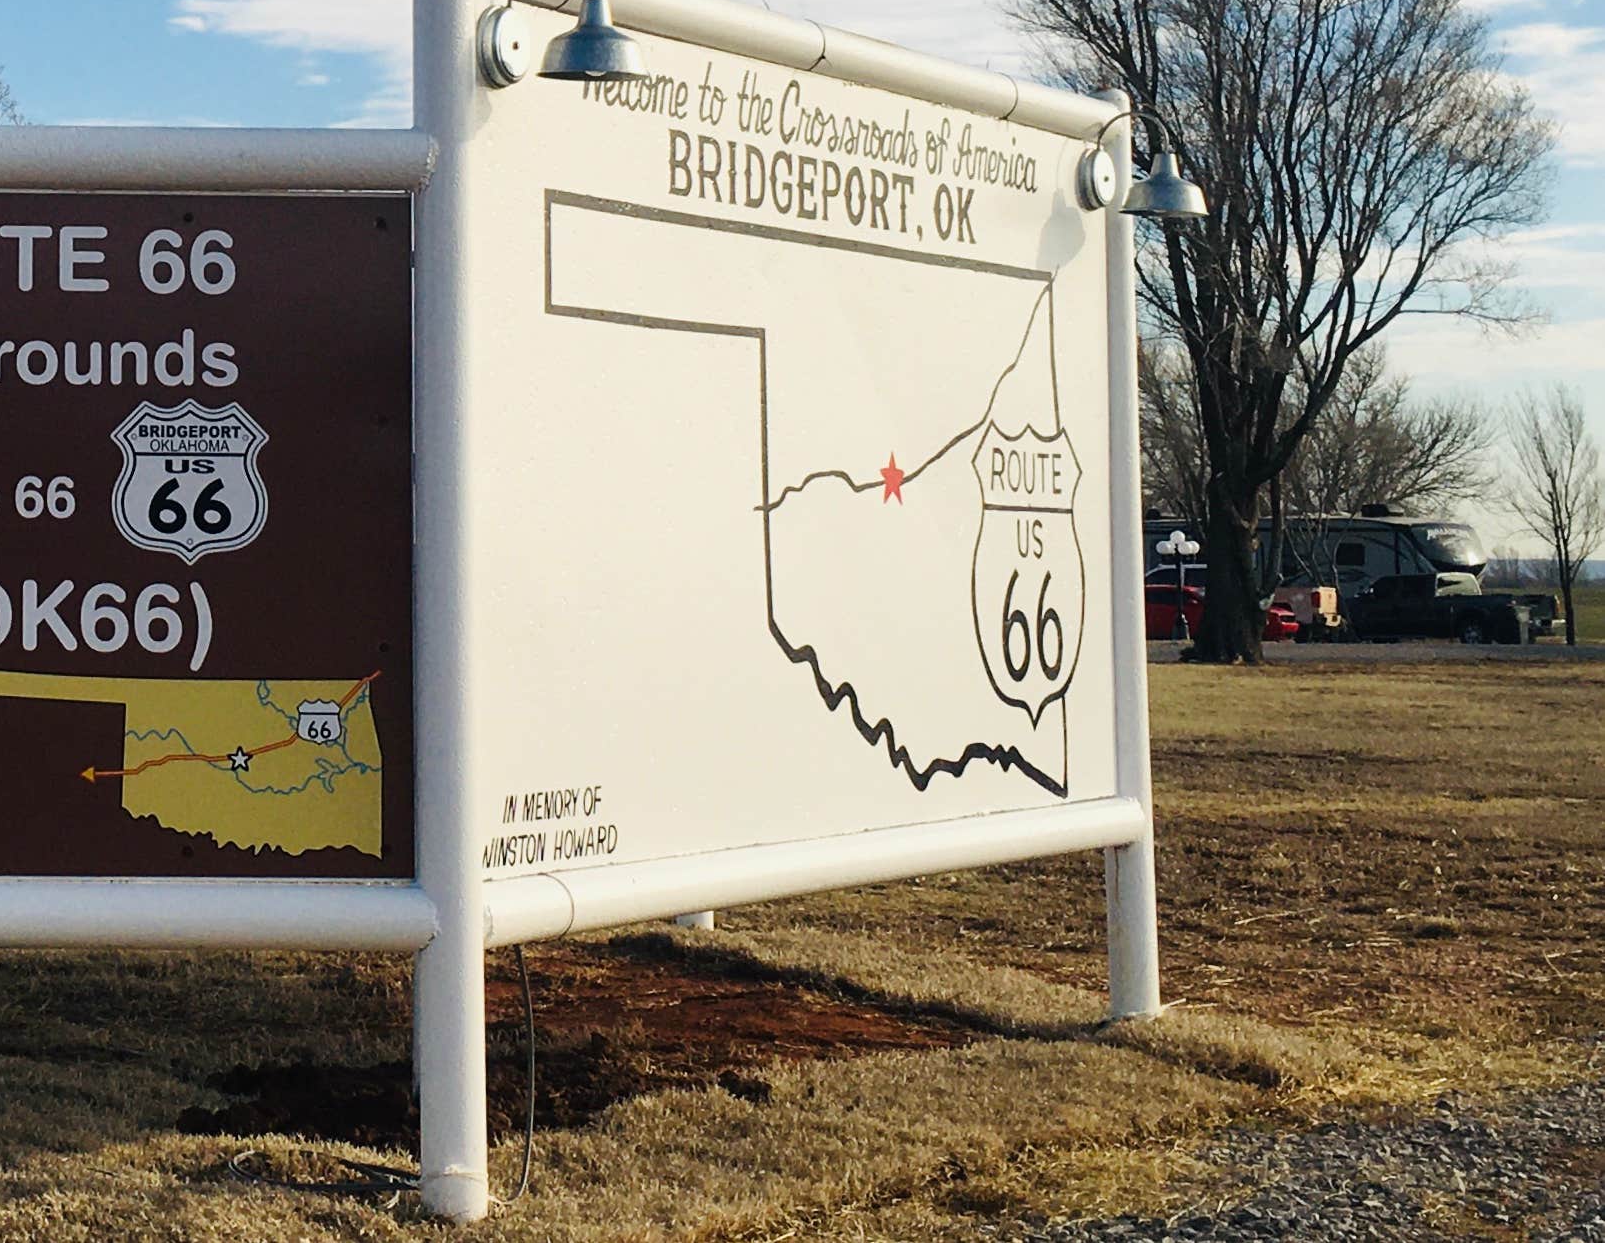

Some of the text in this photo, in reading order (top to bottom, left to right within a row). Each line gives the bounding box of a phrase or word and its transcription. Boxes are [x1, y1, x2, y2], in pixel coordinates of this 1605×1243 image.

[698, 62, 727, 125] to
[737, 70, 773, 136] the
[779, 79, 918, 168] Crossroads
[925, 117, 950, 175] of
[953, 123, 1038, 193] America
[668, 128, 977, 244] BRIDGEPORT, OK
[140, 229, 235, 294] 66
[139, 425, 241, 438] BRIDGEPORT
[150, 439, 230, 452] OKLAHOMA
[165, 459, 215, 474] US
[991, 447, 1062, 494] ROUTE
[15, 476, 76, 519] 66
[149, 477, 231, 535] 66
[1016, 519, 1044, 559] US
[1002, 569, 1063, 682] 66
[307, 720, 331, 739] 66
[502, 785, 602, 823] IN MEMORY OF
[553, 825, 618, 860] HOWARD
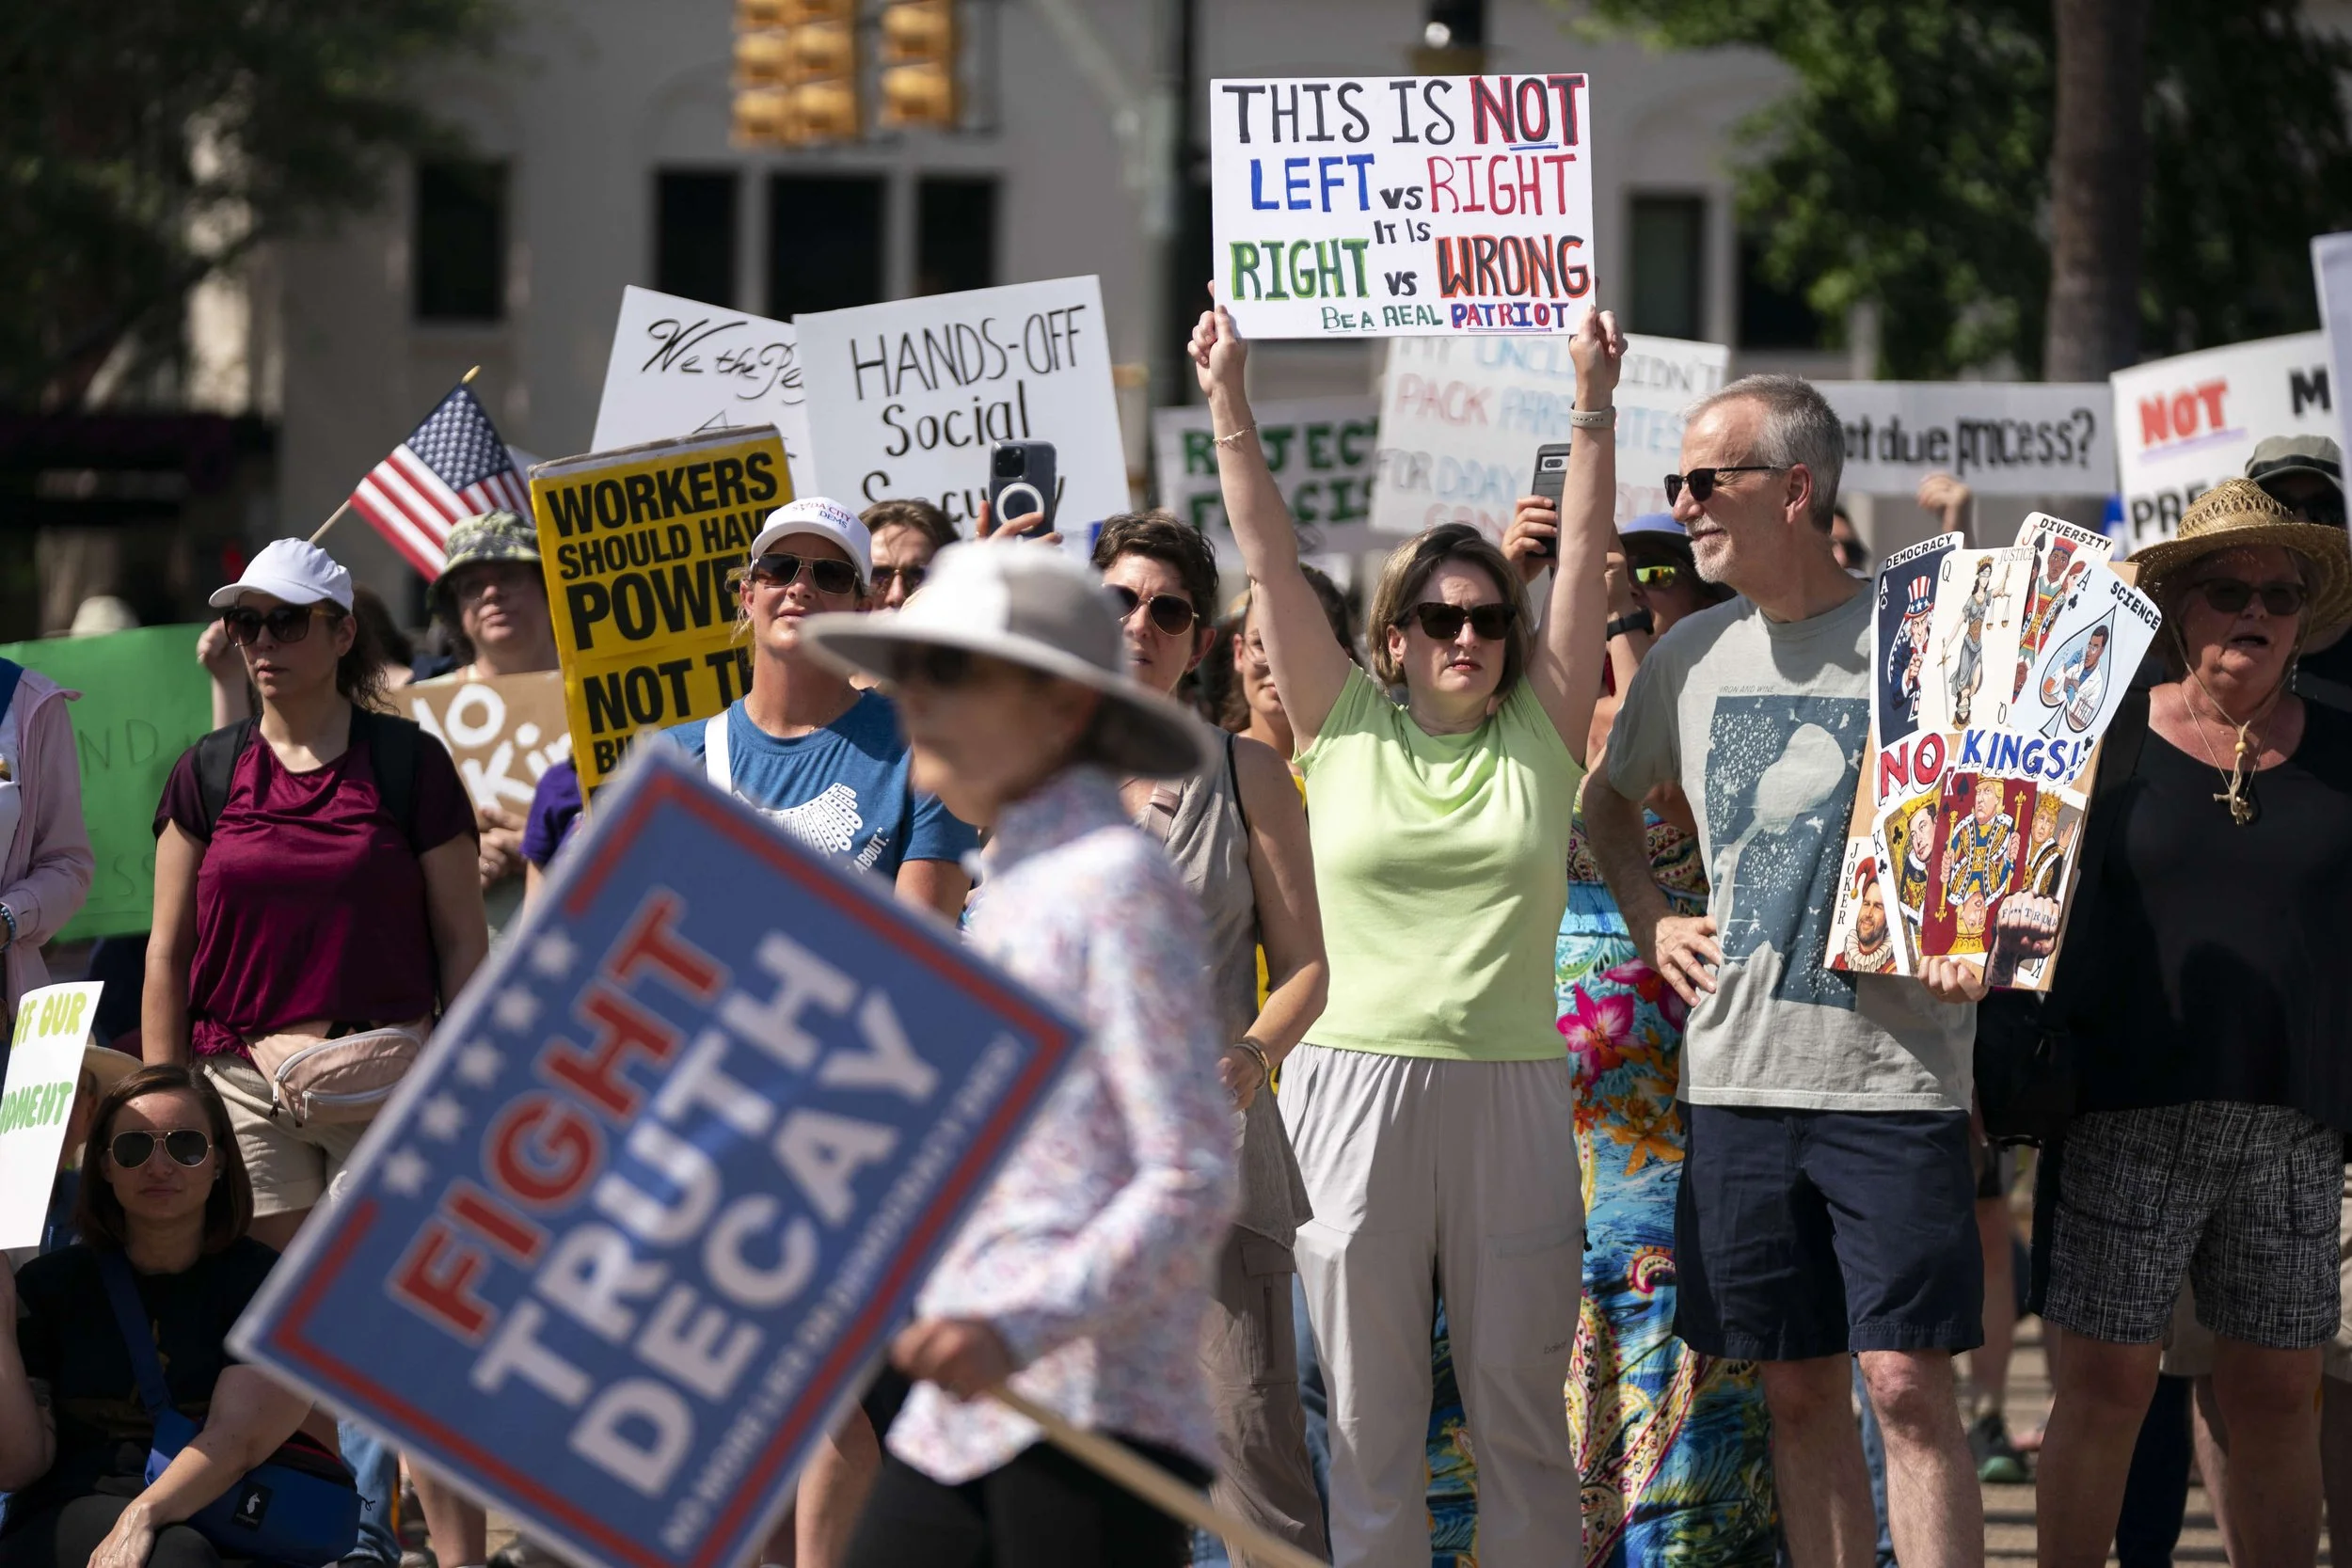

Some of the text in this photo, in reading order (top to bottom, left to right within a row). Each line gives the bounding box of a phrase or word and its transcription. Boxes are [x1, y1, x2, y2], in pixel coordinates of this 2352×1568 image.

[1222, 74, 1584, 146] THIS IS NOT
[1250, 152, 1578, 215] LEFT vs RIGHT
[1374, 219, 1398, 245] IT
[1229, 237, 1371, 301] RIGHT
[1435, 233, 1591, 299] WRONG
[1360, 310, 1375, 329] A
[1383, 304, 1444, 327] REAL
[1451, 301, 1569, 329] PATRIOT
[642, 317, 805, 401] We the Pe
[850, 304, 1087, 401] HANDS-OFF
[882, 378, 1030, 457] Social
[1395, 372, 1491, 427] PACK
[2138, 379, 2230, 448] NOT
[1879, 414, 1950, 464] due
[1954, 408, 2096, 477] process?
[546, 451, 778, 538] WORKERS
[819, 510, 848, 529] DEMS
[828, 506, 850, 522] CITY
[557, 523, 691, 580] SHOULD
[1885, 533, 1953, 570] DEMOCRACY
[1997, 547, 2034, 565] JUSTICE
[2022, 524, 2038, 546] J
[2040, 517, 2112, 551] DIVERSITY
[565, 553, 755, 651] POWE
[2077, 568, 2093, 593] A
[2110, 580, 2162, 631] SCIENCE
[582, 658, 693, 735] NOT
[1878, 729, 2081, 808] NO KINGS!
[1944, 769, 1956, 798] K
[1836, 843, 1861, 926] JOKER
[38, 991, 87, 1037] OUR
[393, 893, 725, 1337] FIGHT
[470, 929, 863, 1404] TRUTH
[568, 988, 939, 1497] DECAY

▬▬▬▬▬▬

- [Instructions for the task]: Drop the images and transcribe the entries above exactly.

- [Expected output]:
Some of the text in this photo, in reading order (top to bottom, left to right within a row). Each line gives the bounding box of a phrase or word and its transcription. Boxes are [x1, y1, x2, y2], in pixel coordinates of this 1605×1243 image.

[698, 62, 727, 125] to
[737, 70, 773, 136] the
[779, 79, 918, 168] Crossroads
[925, 117, 950, 175] of
[953, 123, 1038, 193] America
[668, 128, 977, 244] BRIDGEPORT, OK
[140, 229, 235, 294] 66
[139, 425, 241, 438] BRIDGEPORT
[150, 439, 230, 452] OKLAHOMA
[165, 459, 215, 474] US
[991, 447, 1062, 494] ROUTE
[15, 476, 76, 519] 66
[149, 477, 231, 535] 66
[1016, 519, 1044, 559] US
[1002, 569, 1063, 682] 66
[307, 720, 331, 739] 66
[502, 785, 602, 823] IN MEMORY OF
[553, 825, 618, 860] HOWARD

Some of the text in this photo, in reading order (top to bottom, left to right within a row). Each line gives the bounding box of a phrase or word and its transcription. Boxes are [x1, y1, x2, y2], in pixel coordinates of this 2352×1568 image.

[1222, 74, 1584, 146] THIS IS NOT
[1250, 152, 1578, 215] LEFT vs RIGHT
[1374, 219, 1398, 245] IT
[1229, 237, 1371, 301] RIGHT
[1435, 233, 1591, 299] WRONG
[1360, 310, 1375, 329] A
[1383, 304, 1444, 327] REAL
[1451, 301, 1569, 329] PATRIOT
[642, 317, 805, 401] We the Pe
[850, 304, 1087, 401] HANDS-OFF
[882, 378, 1030, 457] Social
[1395, 372, 1491, 427] PACK
[2138, 379, 2230, 448] NOT
[1879, 414, 1950, 464] due
[1954, 408, 2096, 477] process?
[546, 451, 778, 538] WORKERS
[819, 510, 848, 529] DEMS
[828, 506, 850, 522] CITY
[557, 523, 691, 580] SHOULD
[1885, 533, 1953, 570] DEMOCRACY
[1997, 547, 2034, 565] JUSTICE
[2022, 524, 2038, 546] J
[2040, 517, 2112, 551] DIVERSITY
[565, 553, 755, 651] POWE
[2077, 568, 2093, 593] A
[2110, 580, 2162, 631] SCIENCE
[582, 658, 693, 735] NOT
[1878, 729, 2081, 808] NO KINGS!
[1944, 769, 1956, 798] K
[1836, 843, 1861, 926] JOKER
[38, 991, 87, 1037] OUR
[393, 893, 725, 1337] FIGHT
[470, 929, 863, 1404] TRUTH
[568, 988, 939, 1497] DECAY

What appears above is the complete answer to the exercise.